NOW Inc.'s business model thrives on its ability to efficiently manage and distribute an expansive range of products, using its global presence to its advantage. The company generates revenue primarily through the sales of its broad portfolio of industrial supplies, distributed via a sprawling network of strategically located service centers. These centers enable quick turnaround times, an essential factor considering the pressing timelines of energy and industrial operations. In addition to product sales, the company provides value-added services like inventory management and technical support, all designed to enhance the efficiency and cost-effectiveness of its clients’ operations. This comprehensive approach does not just fulfill immediate product needs but also fosters long-term partnerships, ensuring steady revenue streams while fortifying its position as an indispensable ally in the industrial supply chain.
Revenue Growth: DNOW reported record full-year 2025 revenue of $2.8 billion, up 19% from 2024, with a major contribution from the MRC Global merger.
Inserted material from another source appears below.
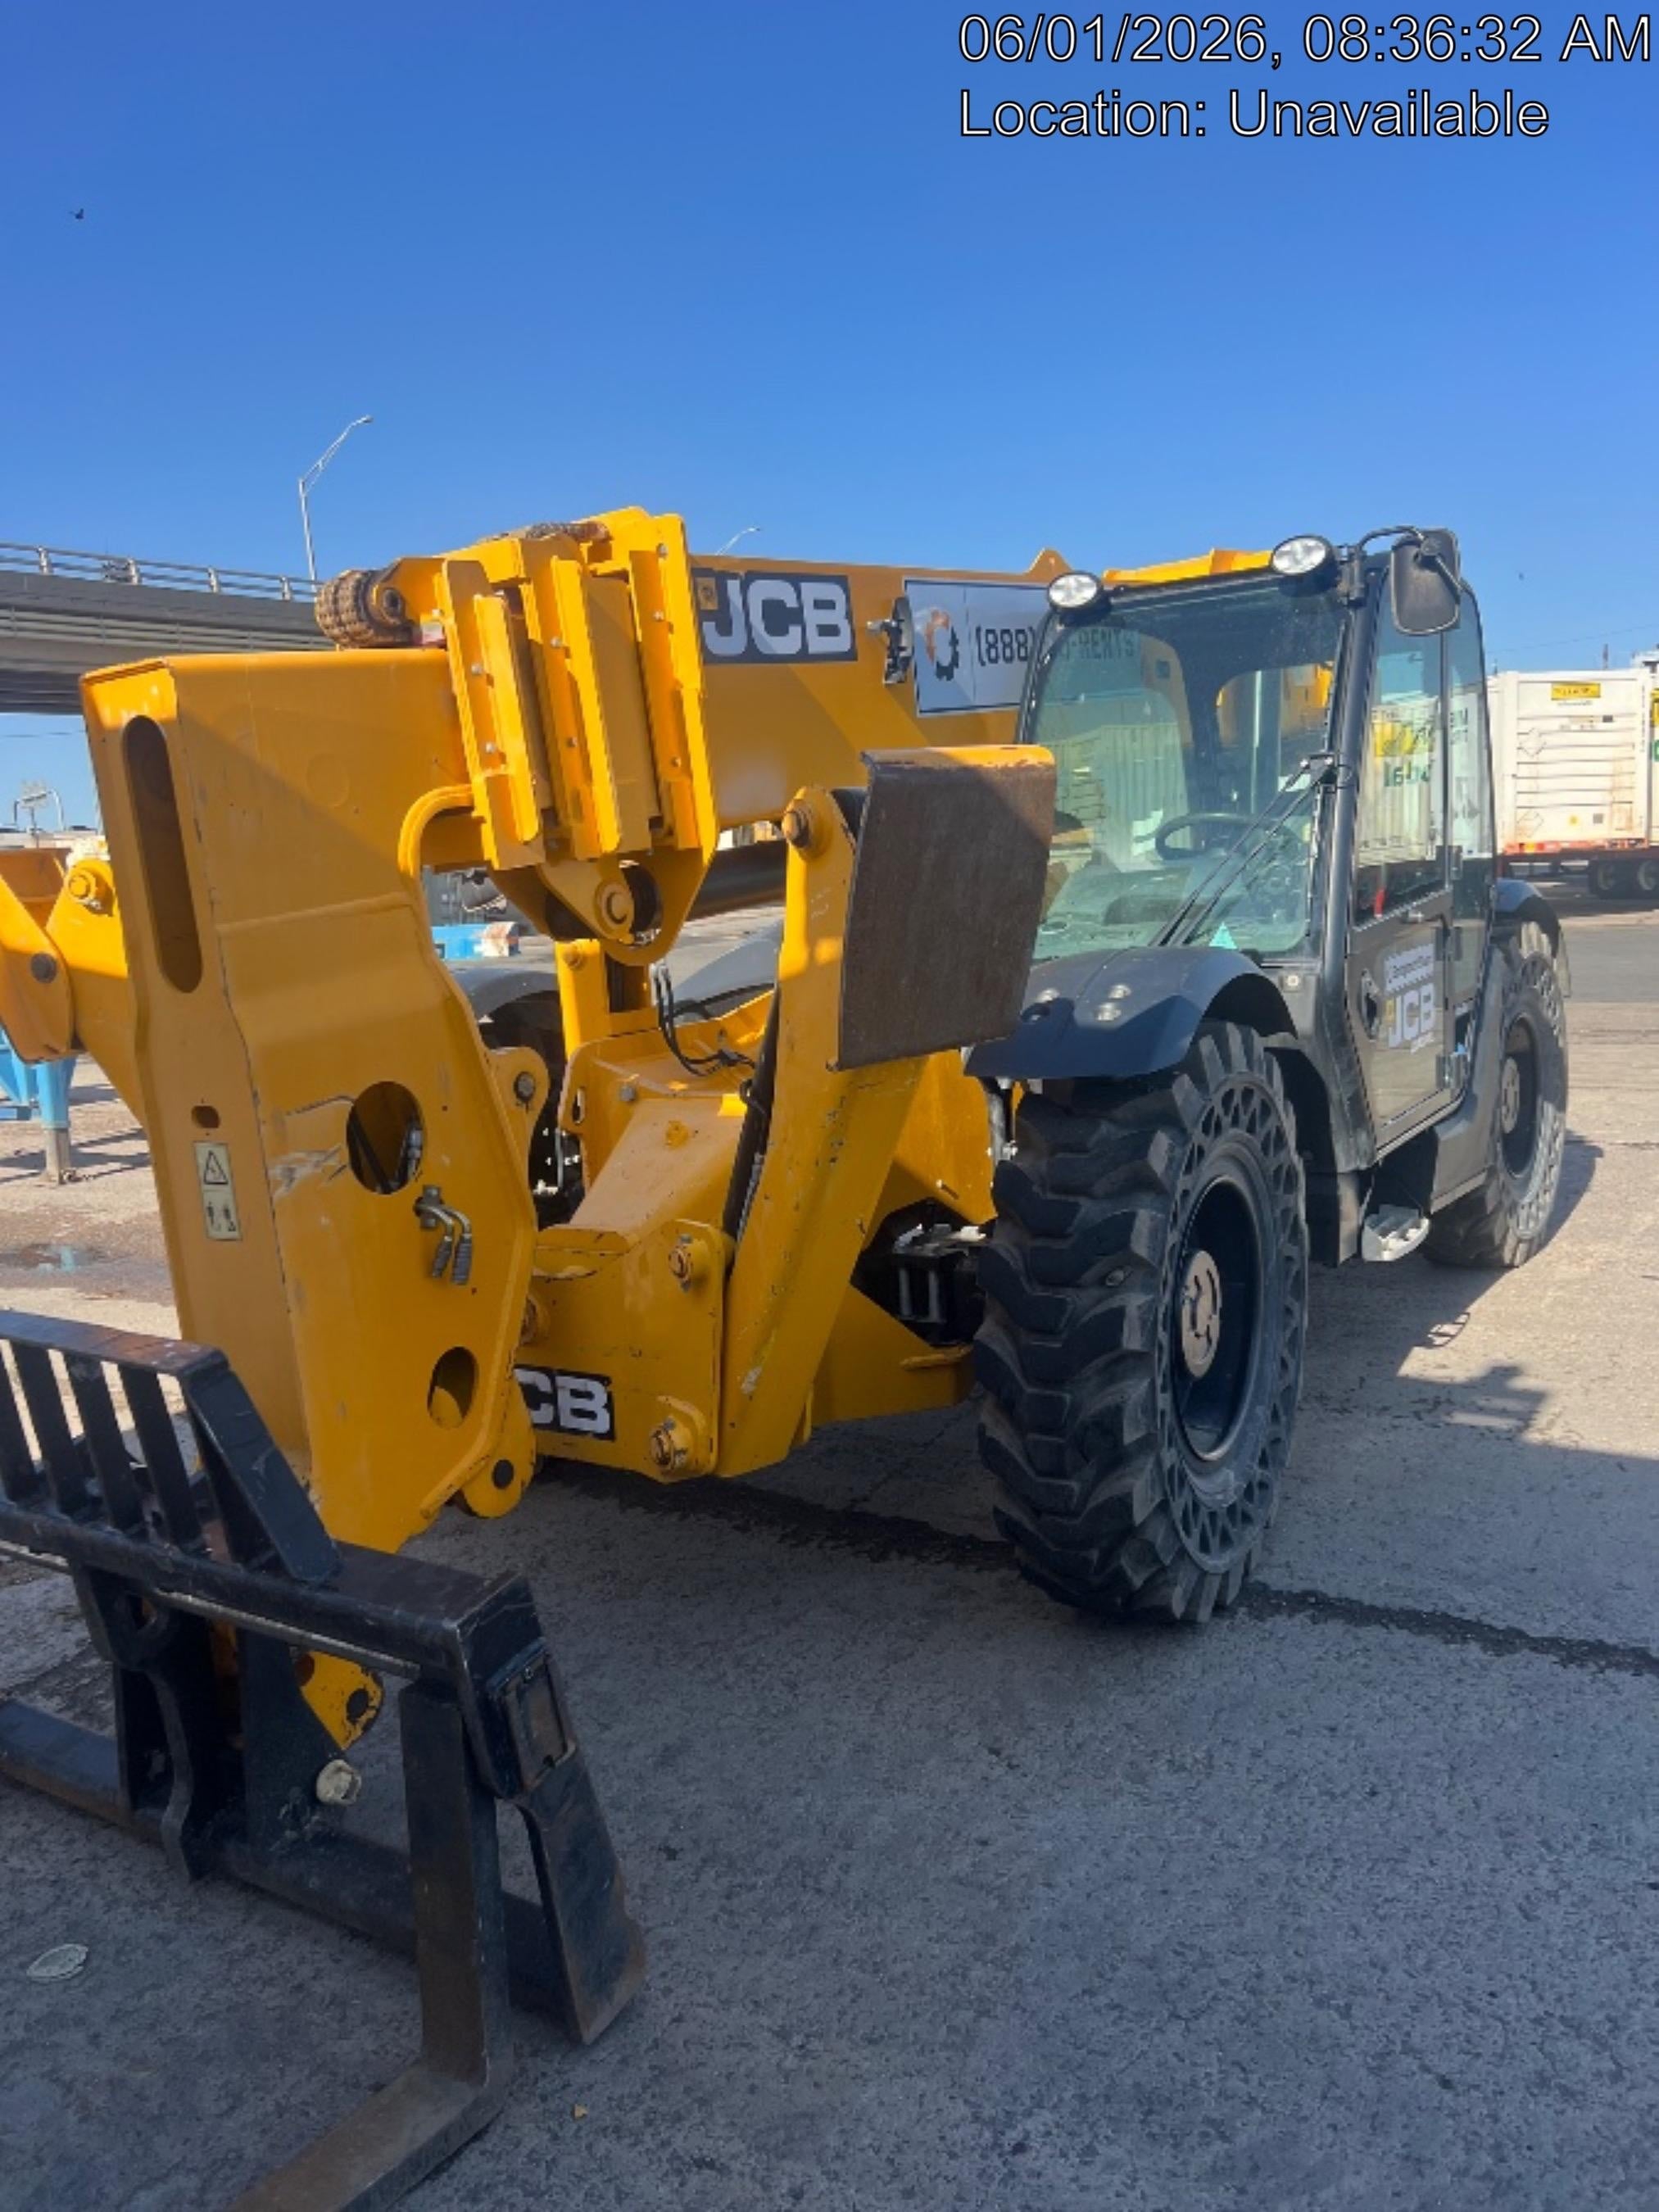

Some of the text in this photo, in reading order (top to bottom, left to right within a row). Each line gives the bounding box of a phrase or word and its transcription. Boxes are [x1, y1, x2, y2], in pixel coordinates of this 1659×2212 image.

[702, 578, 852, 656] JCB
[1388, 983, 1435, 1048] JCB
[513, 1368, 611, 1435] CB
MRC Global Merger: The November 2025 merger with MRC Global significantly increased DNOW's scale, diversification, and sector reach, but integration has been challenged by ERP system issues.
ERP Headwinds: Persistent ERP system challenges in the U.S. MRC Global business weighed heavily on Q4 and ongoing operations, leading DNOW to delay issuing forward guidance.
Record Profitability: Legacy DNOW achieved its most profitable year ever, with full-year EBITDA at $199 million and margins above targeted levels.
Cost Synergies: DNOW is ahead of schedule on cost synergy capture, expecting $23 million in savings in the first year post-merger versus the original $17 million target.
Guidance Withheld: Due to ERP disruptions and recent merger integration, DNOW is not providing sequential or full-year 2026 guidance until stability improves.
Strong Cash Position: The company ended Q4 with $588 million in liquidity and continues to target deleveraging and opportunistic share buybacks.